This blog is the third in a series on how to make Blue Prism robotic process automation (RPA) software effective for business transformation. Check out part 1 on about how to select the best processes for RPA intelligent automation here and part 2 on the Robotic Operating Model (ROM) here. This post will focus on common problems when implementing RPA automation.

Using the ROM to help you scale

After selecting the right processes you’re going to automate, and setting up the Robotic Operating Model (ROM), there’s usually some hurdles in getting your RPA automation implemented at scale. According to a Deloitte global RPA survey from 2018, only 3% of organizations that had implemented RPA had been able to scale RPA successfully. There’s many reasons why it’s challenging to scale RPA automations, however, you can overcome most through ROM governance planning.
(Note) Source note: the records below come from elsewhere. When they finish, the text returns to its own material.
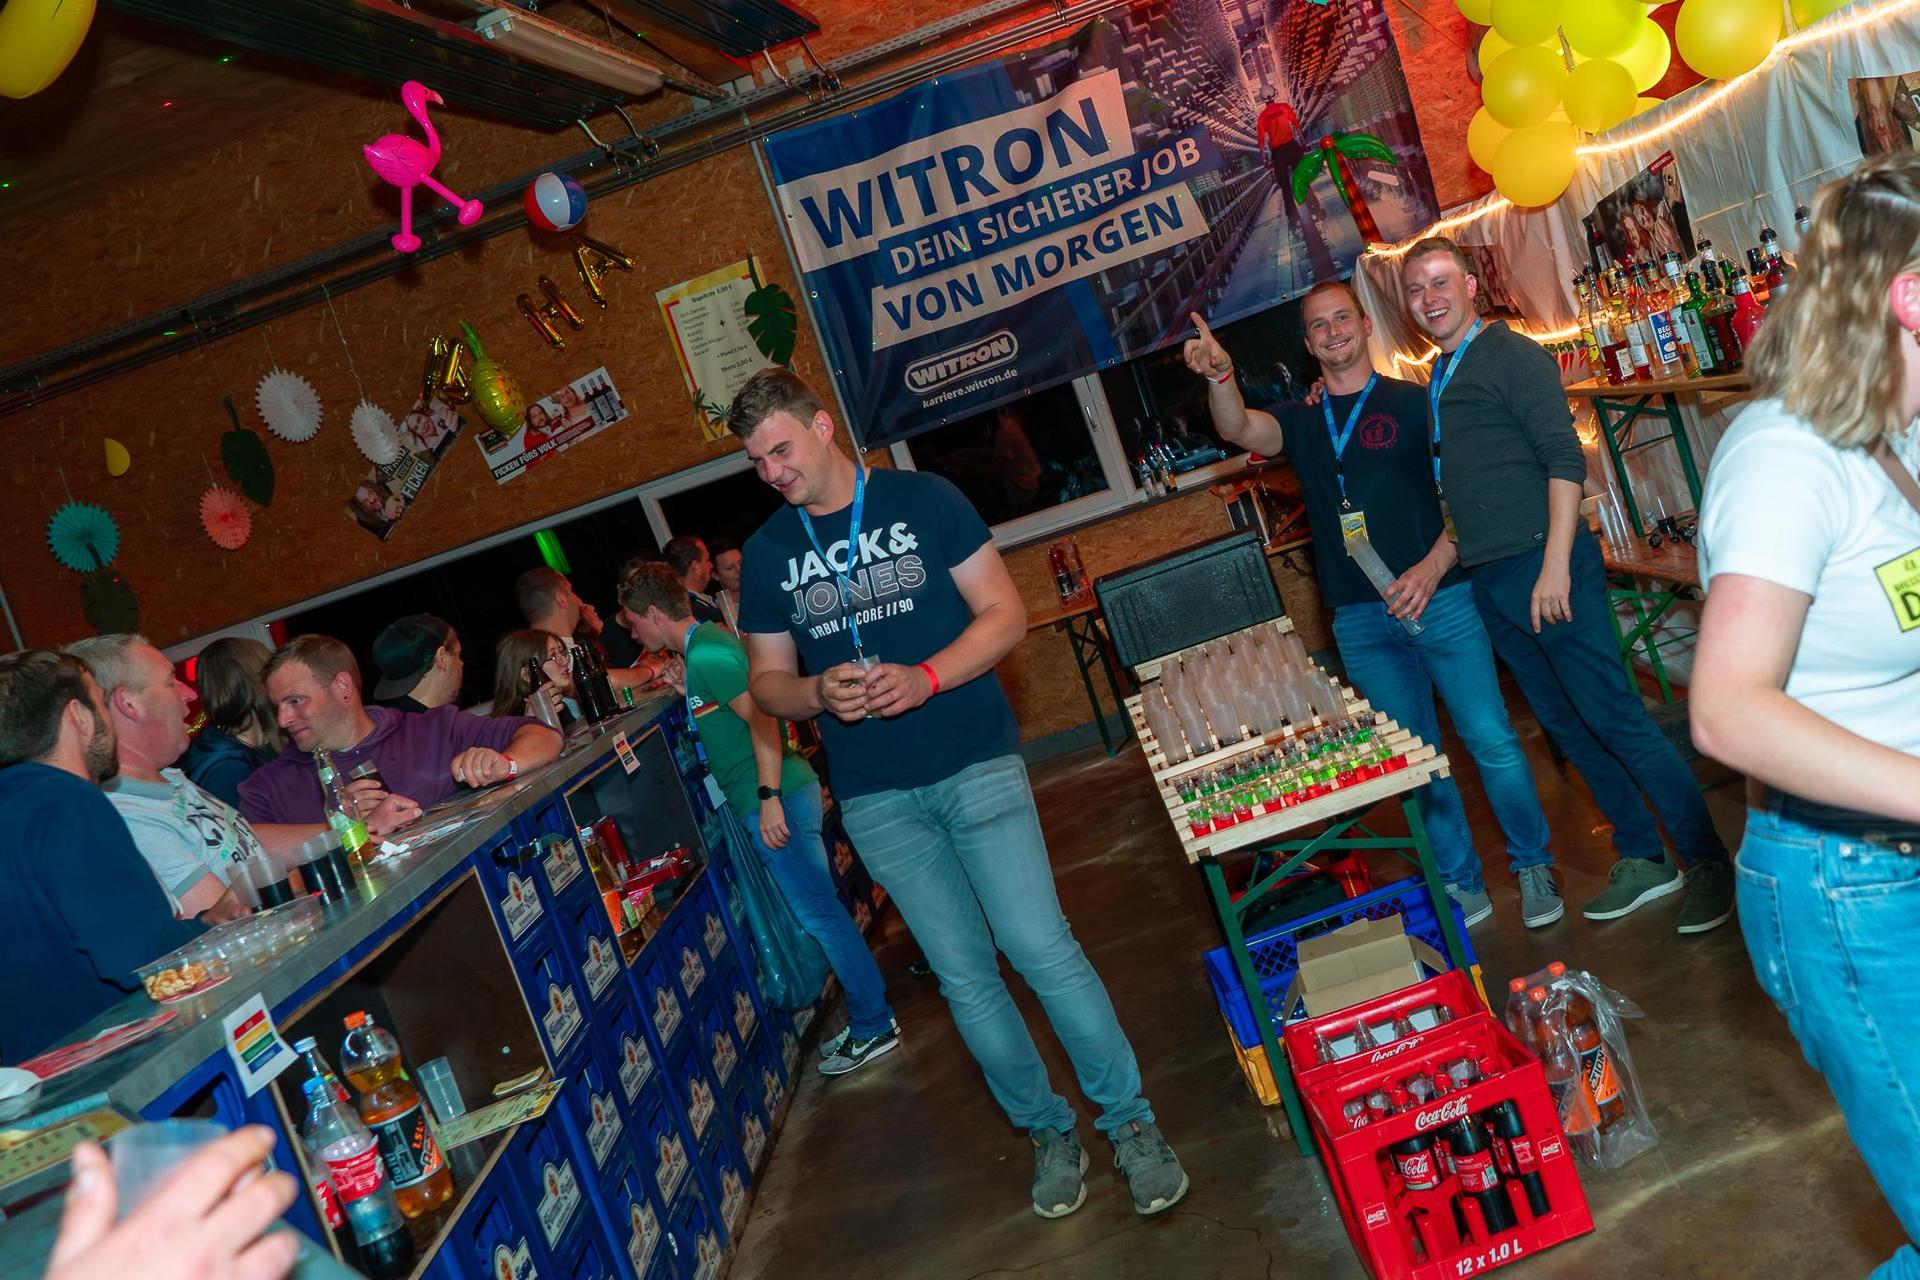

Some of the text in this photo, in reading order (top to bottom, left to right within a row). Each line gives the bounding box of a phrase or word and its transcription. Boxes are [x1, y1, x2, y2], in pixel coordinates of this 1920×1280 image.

[799, 96, 1110, 249] WITRON
[890, 137, 1201, 275] DEIN SICHERER JOB
[882, 195, 1185, 332] VON MORGEN
[909, 336, 1012, 387] WITRON
[921, 367, 1019, 409] karriere.witron.de
[494, 438, 559, 479] FICKEN FÜRS VOLK
[400, 460, 430, 500] FICKEN
[790, 554, 927, 625] JONES
[808, 619, 840, 640] URBN
[855, 605, 885, 626] CORE
[1414, 1095, 1470, 1131] Coca-Cola
[1455, 1239, 1524, 1277] 12 x 1.0 L
Read up on the ROM in my part 2 blog post here.

Proper planning

One of the biggest problems with implementing RPA intelligent automation is picking the correct processes to get the best return on investment (ROI). Choosing processes that are primed for RPA automation should not be taken lightly and proper vetting from the RPA team, department management, IT staff, and possibly the compliance team is key. Everyone with a stake in the processes needs to have a voice to make sure all concerns are considered. This will ensure questions and buy-in happen early to bring the best RPA solution to production.

Additionally, getting an RPA process pipeline set up for future deployments is essential. By having a pipeline of potential RPA cases set up early makes it is easier to categorize between good processes for immediate development, processes that need redesign before automation, or processes that need to be dropped completely.

Proper development

Being able to complete your automation development in a timely way is only part of the RPA journey. The development of your intelligent automation needs to work with RPA best practices, brought by someone like a certified implementation partner, to make sure the solutions are both efficient and robust. This includes best practices like proper retry loops, exception handling, and workflow management.
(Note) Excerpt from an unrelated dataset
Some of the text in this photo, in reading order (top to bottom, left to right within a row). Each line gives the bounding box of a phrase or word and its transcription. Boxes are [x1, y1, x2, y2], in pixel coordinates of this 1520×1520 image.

Another part of the RPA automation process that’s essential during development is testing. There needs to be full testing of all good and bad potential situations to make sure the process is handling every situation effectively. There also needs to be side by side testing of the process so your business can verify that the process is working correctly. This testing process can take as long as needed, but is typically a minimum of 3-5 days of production work. By taking the time to do this testing, you’ll lower risk and build trust with the process owners.

Proper scheduling

Another common problem when implementing RPA automation is making sure you properly schedule all completed processes. They should be scheduled to run automatically to ensure tasks are completed as needed. This may mean determining when the process needs to run, how many digital workers (aka software robots) should be working on the process, and if RPA resources can be shared between processes on a regular basis. These are usually determined by the developer early in the process and should be confirmed by the business.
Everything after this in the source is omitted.